Example: Which chemical bond does the gold element belong to? Buried in the bottom of my heart, type a word; What are the common morphemes in the following words: pyre, empyrean, antipyretic.

3. Vertical fields (10 questions): Investigate the capabilities of computers, biology, medicine, astronomy, etc.

Example: As a doctor, how many times should you try to intubate a patient before handing over the job to a senior colleague; whose coming is predicted by the Great Cloud Sutra.

Let me talk about the conclusion first. The total score of Tongyi Qianwen is 90 points (43/38/9), which is close to ChatGPT 3.5 (92 points, 47/40/5). Considering the limitations of the question, we cannot draw the conclusion that Tongyi Qianwen’s ability is close to ChatGPT 3.5, but at least in terms of Chinese dialogue, today’s Tongyi Qianwen can bring us a good experience.

For Tongyi Qianwen, what it fails to do well is basically the common problem of large language models.

For example, cooking is a hurdle that the big language model will never get over. From braised screws to deep-fried Altman, the big language model can always paint a strong stroke after stroke for Chinese food.

Fortunately, Tongyi Qianwen’s cooking skills have also improved. When asked about some strange cooking methods, it can already identify the problem and give a relatively normal answer (although it still reads a bit strange).

When other big models say “I can do everything, but I really can’t cook”, Tongyi Qianwen may be the best cook.

However, when it comes to brain teasers, Tongyi Qianwen overturned the car, perhaps because he trusts humans too much, and the big language model is not very good at questioning humans before answering questions. Brain teasers, which are a bit of a bad idea, are still too advanced for pure large language models.

But like “steamed Pikachu,” not all hoaxes get a response. For example, when I let it fabricate the life of the famous Fred Rickerson, it will firmly tell me that this person may not be famous enough.

When I asked “the square root of a banana”, it also clearly told me that bananas are fruits, can’t do math, and didn’t swear.

It can be seen that Tongyi Qianwen, which has just launched the public beta, is already solving various problems that will exist in large language models, but in terms of language logic and mathematical calculations, it still has a long way to go from being easy to use.

▲ The poem is about playing the harp

But I am still full of confidence in Tongyi Qianwen, because in the first test of 110 questions, Tongyi Qianwen scored 65 points (35/23/7), but when I retested the next day, it suddenly I got 90 in the test, does this model evolve in units of days? Curiosity drove me to ask Ali’s friends, and they said they didn’t know anything.

In any case, the development of a large language model is not the same as our efforts from a scumbag to a master.

Remember that Siri you laughed at back then?

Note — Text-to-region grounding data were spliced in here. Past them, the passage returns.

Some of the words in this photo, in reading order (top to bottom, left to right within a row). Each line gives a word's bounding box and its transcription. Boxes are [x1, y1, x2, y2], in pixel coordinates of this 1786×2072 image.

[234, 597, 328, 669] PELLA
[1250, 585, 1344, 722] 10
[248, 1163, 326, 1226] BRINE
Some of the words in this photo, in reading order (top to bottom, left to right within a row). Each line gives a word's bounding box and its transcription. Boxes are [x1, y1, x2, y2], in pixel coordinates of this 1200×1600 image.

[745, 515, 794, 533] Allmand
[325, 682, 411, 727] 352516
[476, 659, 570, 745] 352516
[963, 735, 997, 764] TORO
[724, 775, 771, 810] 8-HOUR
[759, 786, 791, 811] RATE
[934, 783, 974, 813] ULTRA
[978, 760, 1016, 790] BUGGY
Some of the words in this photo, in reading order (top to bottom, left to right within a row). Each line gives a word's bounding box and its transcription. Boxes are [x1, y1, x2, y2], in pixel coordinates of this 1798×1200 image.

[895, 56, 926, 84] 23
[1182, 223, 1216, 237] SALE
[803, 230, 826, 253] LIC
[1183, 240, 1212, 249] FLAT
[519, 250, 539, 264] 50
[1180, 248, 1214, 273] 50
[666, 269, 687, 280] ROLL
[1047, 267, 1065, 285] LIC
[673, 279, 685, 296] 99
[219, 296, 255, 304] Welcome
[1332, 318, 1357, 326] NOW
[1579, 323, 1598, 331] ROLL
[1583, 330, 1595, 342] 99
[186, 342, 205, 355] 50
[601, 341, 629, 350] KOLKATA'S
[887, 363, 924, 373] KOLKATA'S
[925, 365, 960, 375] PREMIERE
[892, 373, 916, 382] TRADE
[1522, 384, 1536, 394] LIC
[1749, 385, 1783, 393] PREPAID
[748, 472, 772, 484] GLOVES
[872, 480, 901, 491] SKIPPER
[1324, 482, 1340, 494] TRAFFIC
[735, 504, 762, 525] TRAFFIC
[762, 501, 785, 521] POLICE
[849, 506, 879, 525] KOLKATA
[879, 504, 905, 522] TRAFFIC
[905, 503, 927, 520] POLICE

I remember the first time I used Siri on the iPhone, my friends and I were chattering, not trying to solve any problems with it, but just hearing “I don’t seem to understand”, and then burst into laughter. Today, everyone’s chattering content has become a brain teaser in the post bar.

For a large language model, it is difficult for it to admit its ignorance of certain knowledge, so it will make jokes such as “spicy screw method” and “the square root of a banana is the root number 3”. This is not deliberately fabricated for a certain purpose, but “made out of nothing” purely due to algorithms. This kind of unintentional mistake of not being able to understand the boundaries of knowledge is a shortcoming that is difficult for neural networks to overcome.

I asked Tongyi Qianwen how to use it effectively, and it told me modestly that its knowledge is trained through a large amount of data and algorithms, but not all of this knowledge is correct. So don’t skimp on expertise and insights if you find an answer wrong, which will help it keep improving and improving.

“Tongyi” represents the breadth and universality of knowledge, and “Thousand Questions” shows that the problem is complex and unique. Tongyi Thousand Questions is not perfect, and we need to give it a better prompt and make progress together with it.

By the way, many paragraphs in this article were completed by Tongyi Qianwen. Can you find out which part it is?